Esse índice é de grande relevância para a população brasileira, pois é utilizado para o cálculo do reajuste de salários em diversas categorias ao longo do ano. O salário mínimo, por exemplo, considera os dados de novembro para sua correção. Além disso, benefícios como o seguro-desemprego e o teto do INSS também são ajustados com base no INPC acumulado até dezembro.
O IBGE também divulgou o Índice Nacional de Preços ao Consumidor Amplo (IPCA), que é considerado a inflação oficial. Em maio, o IPCA registrou 0,58%, acumulando 4,72% em 12 meses.
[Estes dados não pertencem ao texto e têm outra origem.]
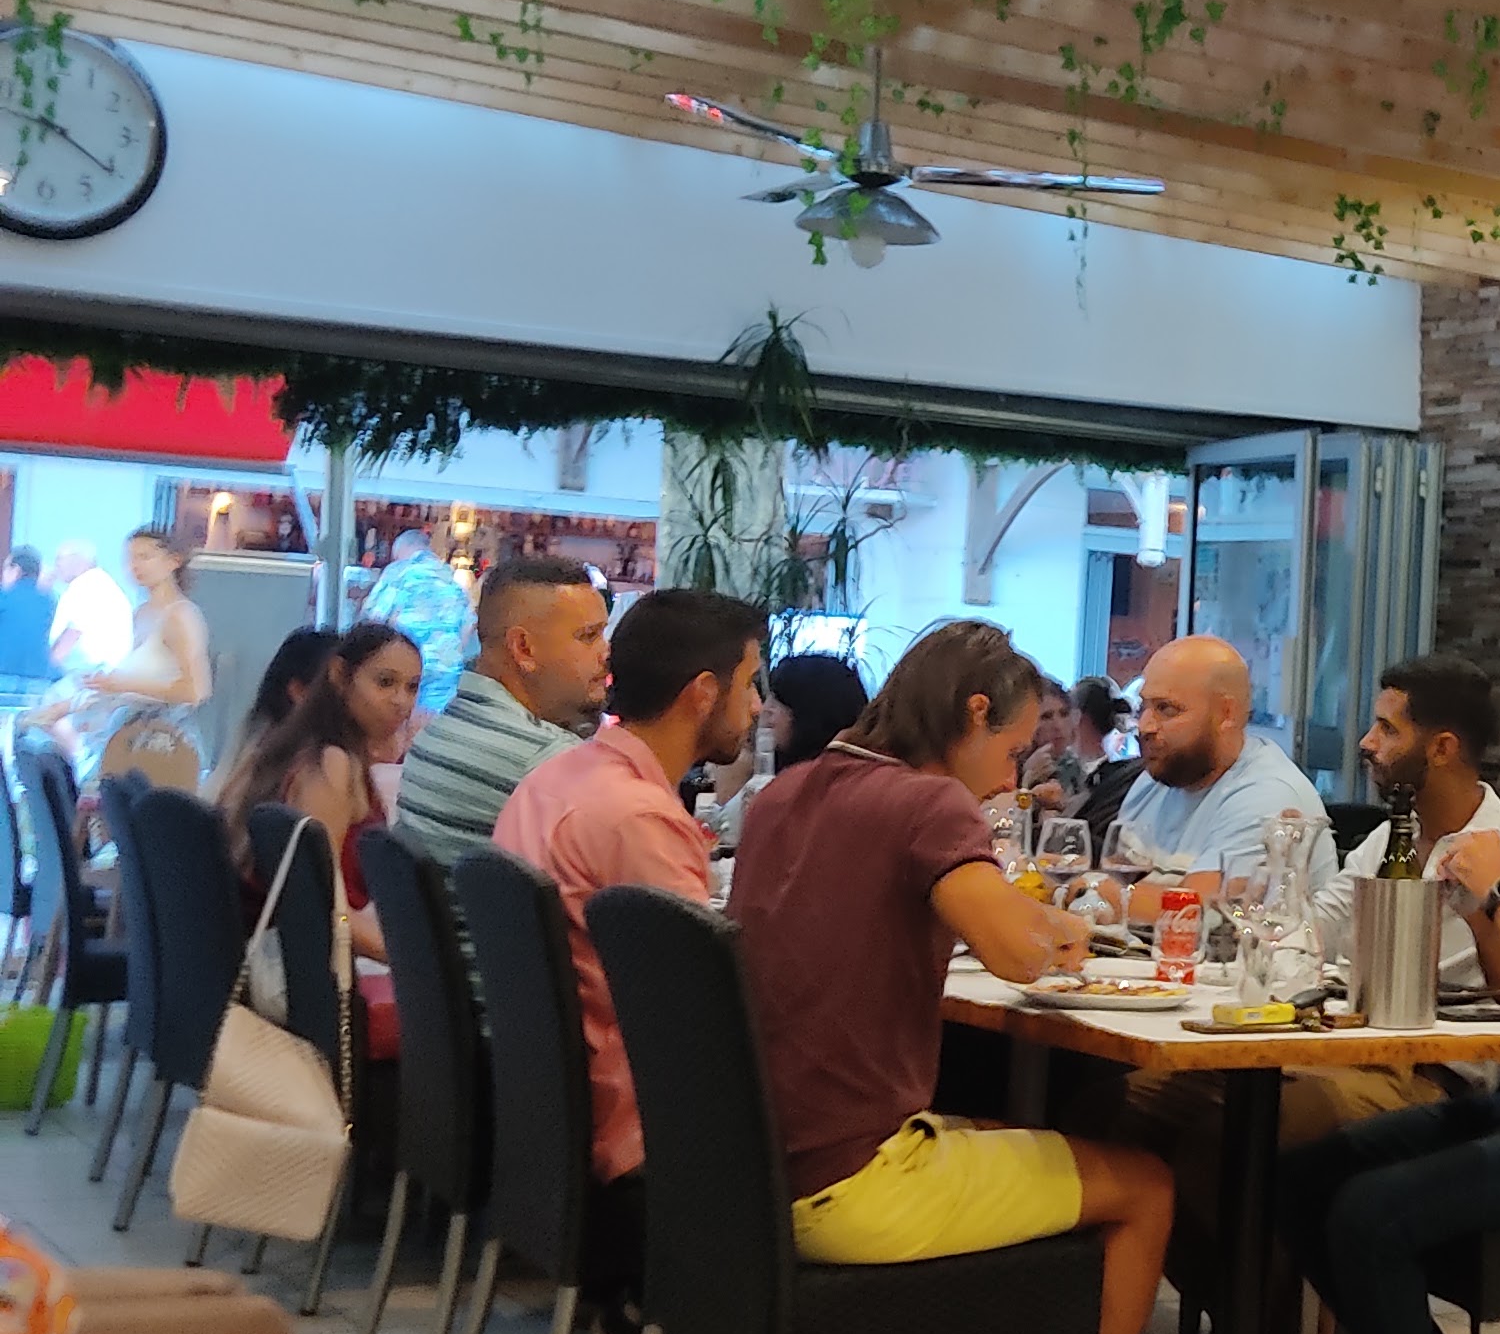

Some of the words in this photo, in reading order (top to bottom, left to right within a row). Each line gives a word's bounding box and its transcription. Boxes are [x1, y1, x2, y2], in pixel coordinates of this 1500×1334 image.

A principal diferença entre os dois índices está na faixa de renda das famílias analisadas: o INPC é focado em famílias com renda de um até cinco salários mínimos, enquanto o IPCA abrange lares com renda de um até 40 salários mínimos.
Atualmente, o salário mínimo está fixado em R$ 1.621. O IBGE esclarece que o INPC é projetado para corrigir o poder de compra dos salários, levando em conta as variações de preços da cesta de consumo das famílias com menor rendimento. Para isso, o instituto atribui pesos diferentes aos grupos de preços que são pesquisados.
No INPC, os alimentos têm um peso significativo, representando cerca de 25% do índice, o que é maior do que no IPCA, onde os alimentos correspondem a aproximadamente 21%. Isso ocorre porque as famílias de menor renda gastam proporcionalmente mais com alimentação. Em contrapartida, itens como passagens aéreas têm um peso inferior no INPC em comparação ao IPCA.
A coleta de preços para o cálculo do INPC é realizada em dez regiões metropolitanas do país, incluindo Belém, Fortaleza, Recife, Salvador, Belo Horizonte, Vitória, Rio de Janeiro, São Paulo, Curitiba e Porto Alegre. Além dessas, Brasília, Goiânia, Campo Grande, Rio Branco, São Luís e Aracaju também fazem parte da pesquisa.